__What is being asked__: For every record below, repeat the text exactly and pass over any image.

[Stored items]
==*==
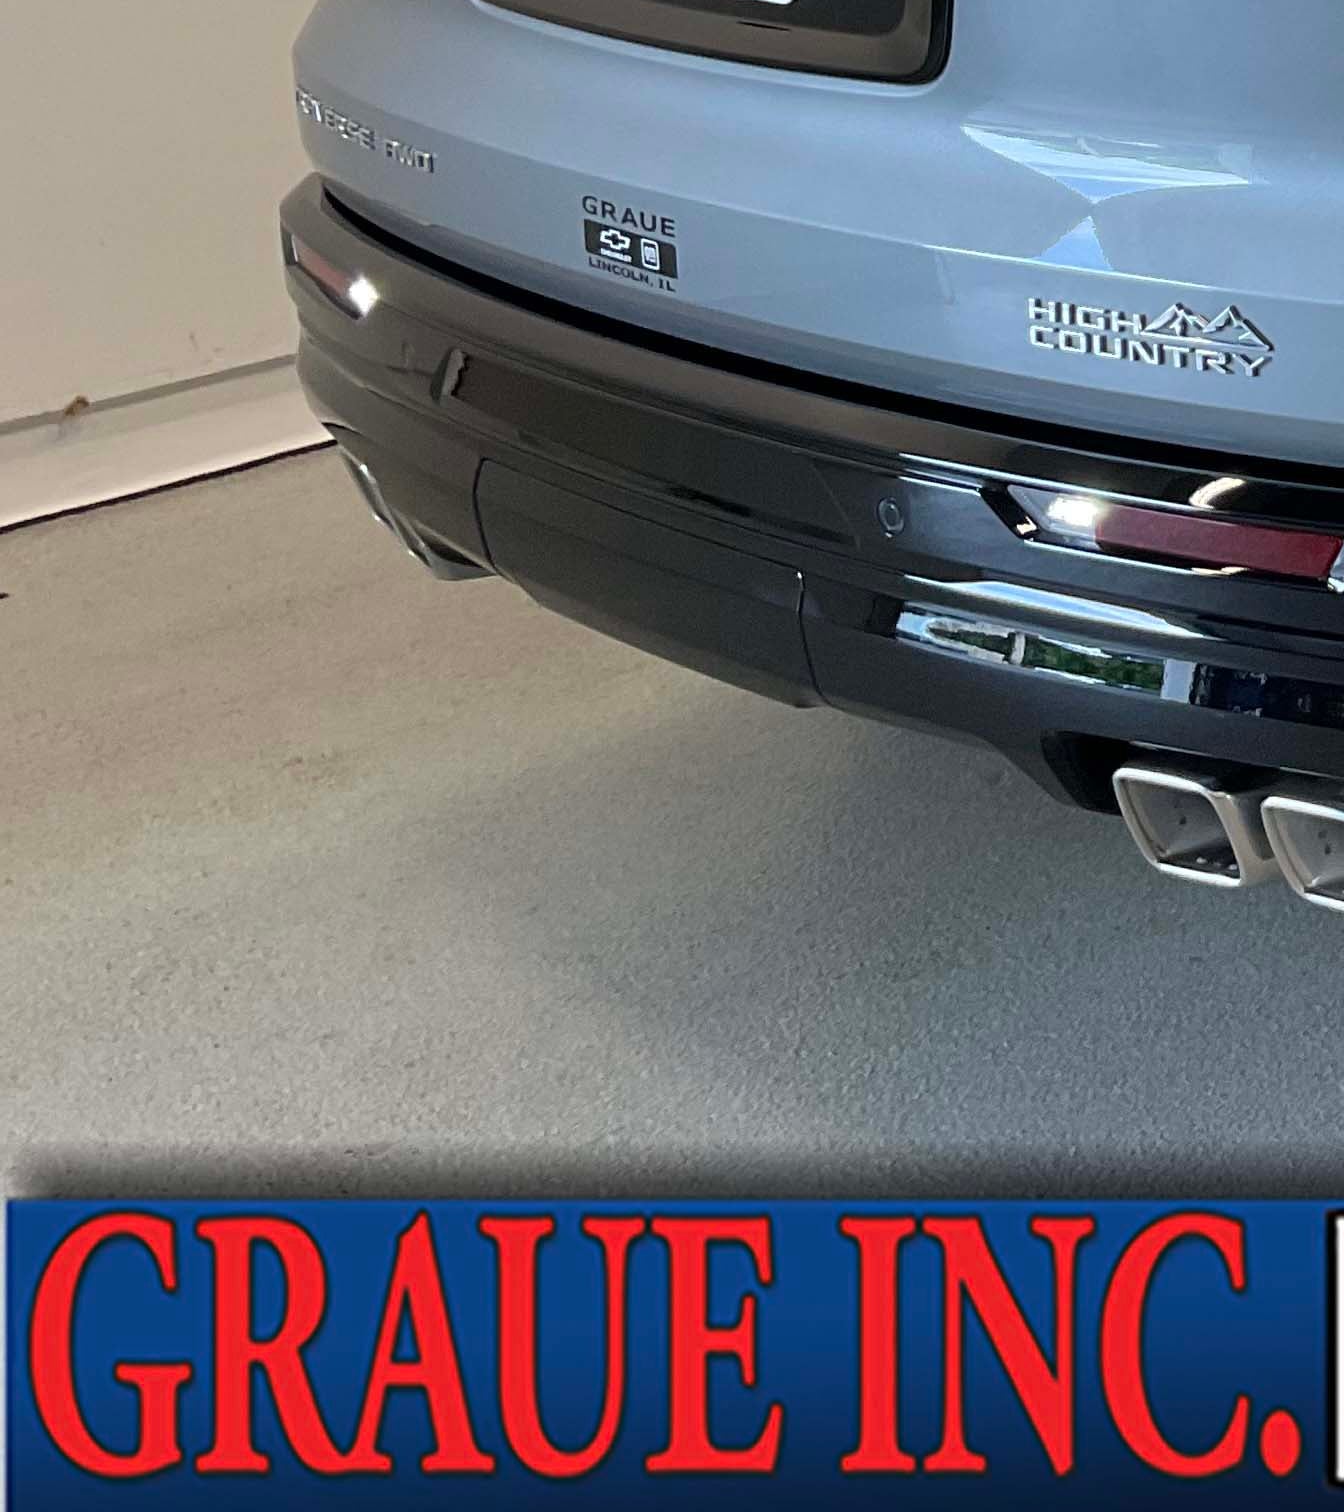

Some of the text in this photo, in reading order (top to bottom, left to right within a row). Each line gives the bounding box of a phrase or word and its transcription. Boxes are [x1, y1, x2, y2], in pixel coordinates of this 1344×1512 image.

[582, 195, 676, 238] GRAUE
[658, 278, 676, 292] IL
[1028, 298, 1148, 336] HIGH
[1029, 325, 1273, 377] COUNTRY
==*==
__Result for this exercise__:
Some of the text in this photo, in reading order (top to bottom, left to right within a row). Each line gives the bounding box of a phrase or word and its transcription. Boxes are [x1, y1, x2, y2], in pixel coordinates of this 1344×1512 image.

[582, 195, 676, 238] GRAUE
[658, 278, 676, 292] IL
[1028, 298, 1148, 336] HIGH
[1029, 325, 1273, 377] COUNTRY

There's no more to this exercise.